Analizó nuevamente sus ojos. Tenía un par de arrugas que seguro no eran por vejez, sino por cansancio. Unas firmes líneas marcaban su piel joven, como si no hubiera dormido por semanas. Eran probablemente cicatrices de batallas fracasadas. No esas batallas que se pelean en la inútil guerra; éstas eran cicatrices de combates abstractos, de pérdidas espirituales. De ésas que realmente importan... y cómo no le iban a importar a él, si tenía sus rastros marcados a fuego en la cara.

Su expresión era, como notó desde un principio, de tranquilidad. Se encontraba como echado a la vida, desmotivado por sus propósitos personales. La tranquilidad de una balsa en el inmenso
mar, entregada completamente a lo que venga. Una balsa que había sido un barco; una nave inmensa repleta de gente de las más diversas procedencias, ahora reducida a un tímido conjunto de troncos, cuerdas y abandono. Para qué luchar contra la corriente, si al final te decepcionas y todos te recuerdan: te lo dije, y nadie está ahí para entregarte su apoyo.
Como se podía apreciar, su actitud era ésa.
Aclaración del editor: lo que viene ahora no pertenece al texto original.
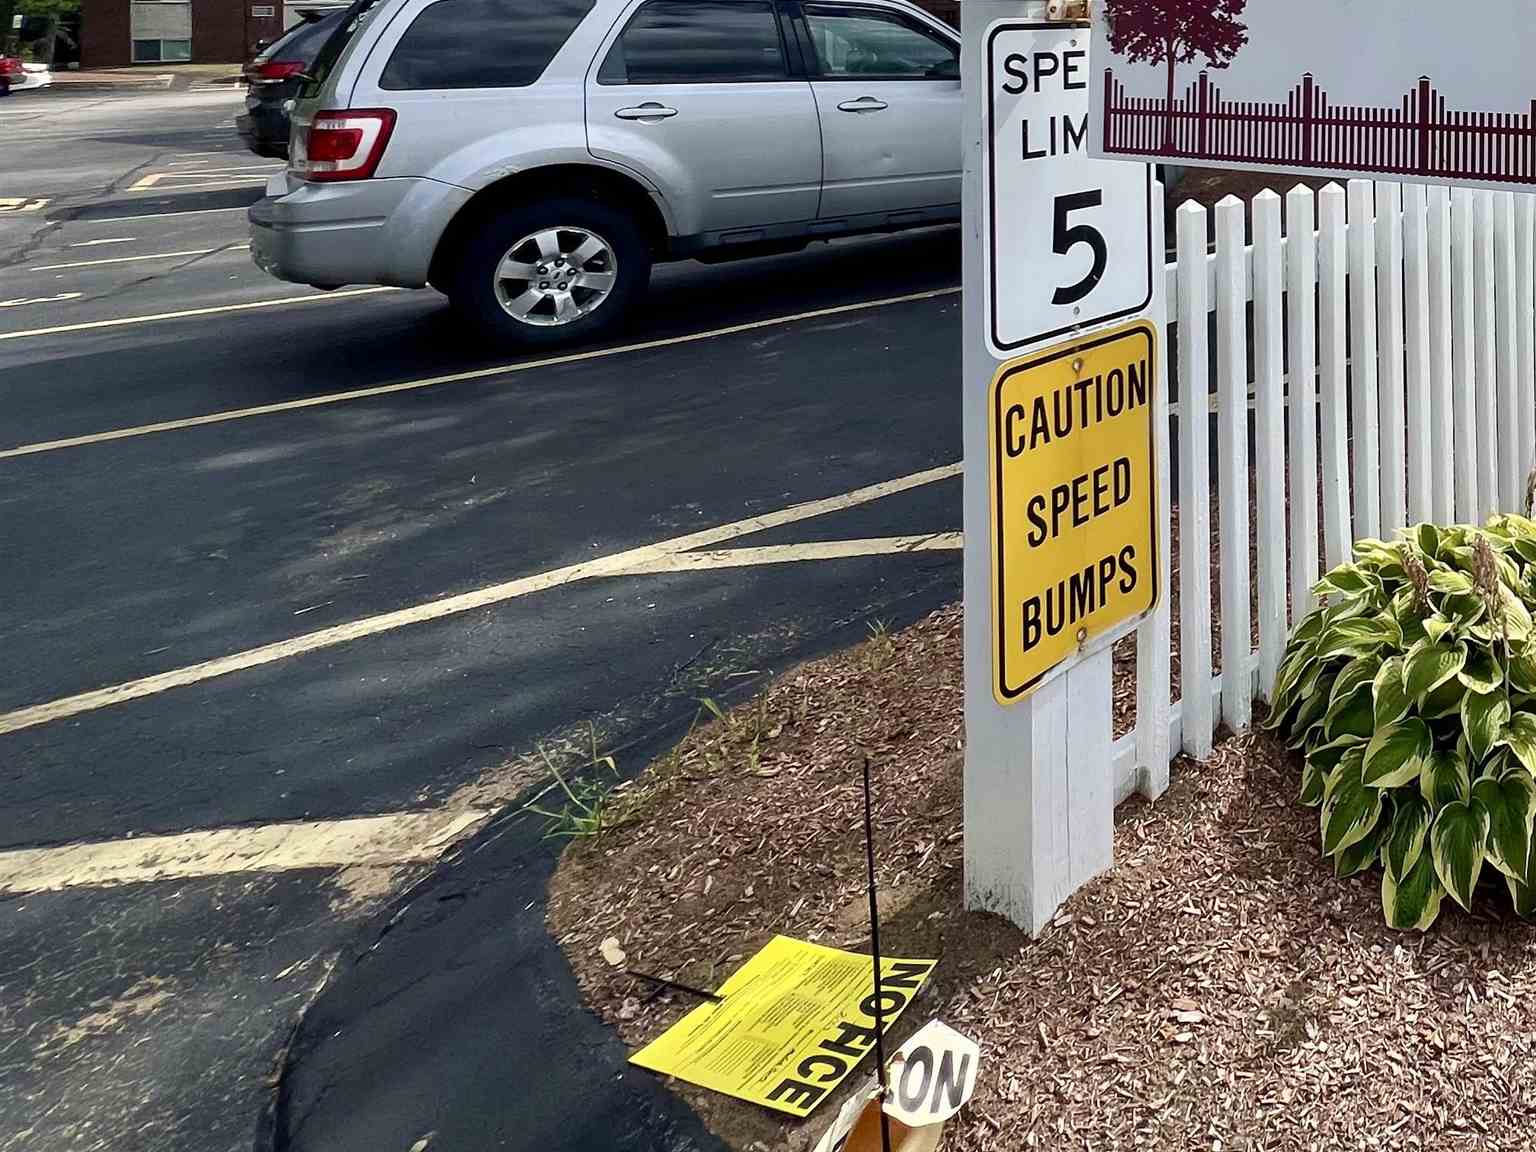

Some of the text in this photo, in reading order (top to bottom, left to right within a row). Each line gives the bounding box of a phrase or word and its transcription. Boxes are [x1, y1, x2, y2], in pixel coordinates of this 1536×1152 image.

Después de todo, qué otra manera de ver la existencia se le puede pedir al que constantemente lucha y muere. ¿No puede querer vivir aunque sea por un tiempo?

Sus hombros estaban caídos, como ya habiendo admitido su carencia de energías: su fracaso. La vida que llevaba era ya un caos, una tortura insensata, pero qué remedio. Los intentos por cambiar ya se habían hecho y, por añadidura, habían decaído.
Su imagen global ahora era la de un tipo desgarbado y casi echado sobre el lavamanos. Ya nada le importaba, nada era relevante. Miró una vez más en el espejo y no quiso verse más; no quiso seguir presenciando a ese extraño que era él. Él, que no era realmente él, sino un él falso. El del espejo, el que ya no creía en nada. Pero era él.
Agobiado, saqué el cepillo de dientes del cajón y fui a lavármelos donde no hubiera más problemas.